# Baby boys in NC



## InuLing (Dec 26, 2015)

It will be a couple of weeks yet before these boys are ready to go to their new homes but I want to go ahead and start lining up some adopters. I have 11 males in this litter that I cannot keep. I want all babies to go in pairs or trios. The 4 remaining females are going to stay right here with me.

They turned 1 week old this morning.

As far as I can tell with their current markings I have:

White: 4
Hooded: 1
Dark Berkshire: 6

Some of these babies are going to be pink-eyes like dad but they're not open yet so don't know which ones. I also said dark because some look black and some look dark grey. Momma is a very dark brown almost black and dad is cream hooded so until the fur comes in fully I can't say for sure on color. In the picture of the two hooded babies the male is the lighter colored one.

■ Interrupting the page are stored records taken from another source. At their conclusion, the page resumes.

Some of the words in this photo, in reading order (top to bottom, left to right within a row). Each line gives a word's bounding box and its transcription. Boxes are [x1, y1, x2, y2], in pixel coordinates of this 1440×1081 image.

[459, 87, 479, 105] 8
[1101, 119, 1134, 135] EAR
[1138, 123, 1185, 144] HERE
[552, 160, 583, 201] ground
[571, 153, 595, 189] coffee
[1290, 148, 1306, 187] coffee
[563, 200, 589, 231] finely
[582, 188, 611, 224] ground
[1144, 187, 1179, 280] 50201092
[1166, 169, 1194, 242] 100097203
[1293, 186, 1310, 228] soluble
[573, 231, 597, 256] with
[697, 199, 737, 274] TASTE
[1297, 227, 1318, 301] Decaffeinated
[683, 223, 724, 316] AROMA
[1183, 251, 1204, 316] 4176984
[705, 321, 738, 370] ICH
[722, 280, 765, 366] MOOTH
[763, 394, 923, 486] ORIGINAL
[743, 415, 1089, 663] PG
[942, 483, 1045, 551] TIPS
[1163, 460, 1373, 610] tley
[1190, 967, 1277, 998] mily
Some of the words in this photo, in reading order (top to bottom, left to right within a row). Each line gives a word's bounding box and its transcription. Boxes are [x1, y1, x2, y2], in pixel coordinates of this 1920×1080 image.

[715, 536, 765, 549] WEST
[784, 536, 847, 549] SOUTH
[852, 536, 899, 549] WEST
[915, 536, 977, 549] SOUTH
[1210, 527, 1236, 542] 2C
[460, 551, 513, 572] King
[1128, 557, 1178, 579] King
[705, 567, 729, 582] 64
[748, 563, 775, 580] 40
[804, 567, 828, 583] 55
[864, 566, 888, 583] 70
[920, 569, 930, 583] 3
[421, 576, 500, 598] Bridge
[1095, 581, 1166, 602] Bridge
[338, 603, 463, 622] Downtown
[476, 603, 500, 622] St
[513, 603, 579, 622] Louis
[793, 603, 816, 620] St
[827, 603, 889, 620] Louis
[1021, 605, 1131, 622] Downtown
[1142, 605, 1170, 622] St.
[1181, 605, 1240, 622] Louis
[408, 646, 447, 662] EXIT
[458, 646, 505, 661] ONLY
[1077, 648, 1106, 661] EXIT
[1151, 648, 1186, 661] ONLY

I live in the Piedmont triad area of NC, and I am willing to travel up to 4 hours to meet potential adopters. If you are interested in any of my boys please send me a message or reply here.


----------



## catty-ratty (Feb 21, 2016)

Awe!!! They are so cute and adorable! 

Wish I could take another one right now.


----------



## Love My Rats (Sep 3, 2015)

I would love to have a few boys around but that's in the future also you are to far from me , hope you find some great homes for them


----------



## InuLing (Dec 26, 2015)

I hope so too. I can't keep the boys and don't have a second cage.


----------



## Captaincliche (Mar 9, 2016)

I'm close but I'm saving up for (proper cages)


----------



## InuLing (Dec 26, 2015)

Well these babies won't be ready to go home for another 4-5 weeks. Think you might be ready by then?


----------



## Captaincliche (Mar 9, 2016)

InuLing said:


> Well these babies won't be ready to go home for another 4-5 weeks. Think you might be ready by then?


No I need to save up till I have enough for a cage for young rats and an adult cage. But you are really close so maybe in a few month if you have a llitter I can adopt.


----------



## InuLing (Dec 26, 2015)

Update and correction. Now that more fur has come in I can see that one of the white males is cream hooded and another is either a cream Berkshire or self. Not sure which yet.


----------



## JAnimal (Jul 23, 2014)

Captaincliche said:


> No I need to save up till I have enough for a cage for young rats and an adult cage. But you are really close so maybe in a few month if you have a llitter I can adopt.


You don't need two cages. Younger rats im my opinion should need a larger cage because they are so active even though they are smaller.


----------



## RattieMomma84 (Mar 7, 2016)

You have such cute ratties! My fiance and I are in Knoxville, and may be interested. We just lost one of our two boys and the other one isn't doing so well either (both are/were 3 year old pet store rats that we adopted from a neighbor back in August). If we are ready when they are, we would want two boys, one for each of us. Of course we would keep them together so they can be bonded, but we worry about having a third during out of cage time.


----------



## cpiel (Mar 27, 2016)

do you still have any of these babies available ?


----------



## snugglesmacks (Jul 4, 2016)

Hey, I'm nearby and looking for a young pair. If you have another litter, please let me know.


----------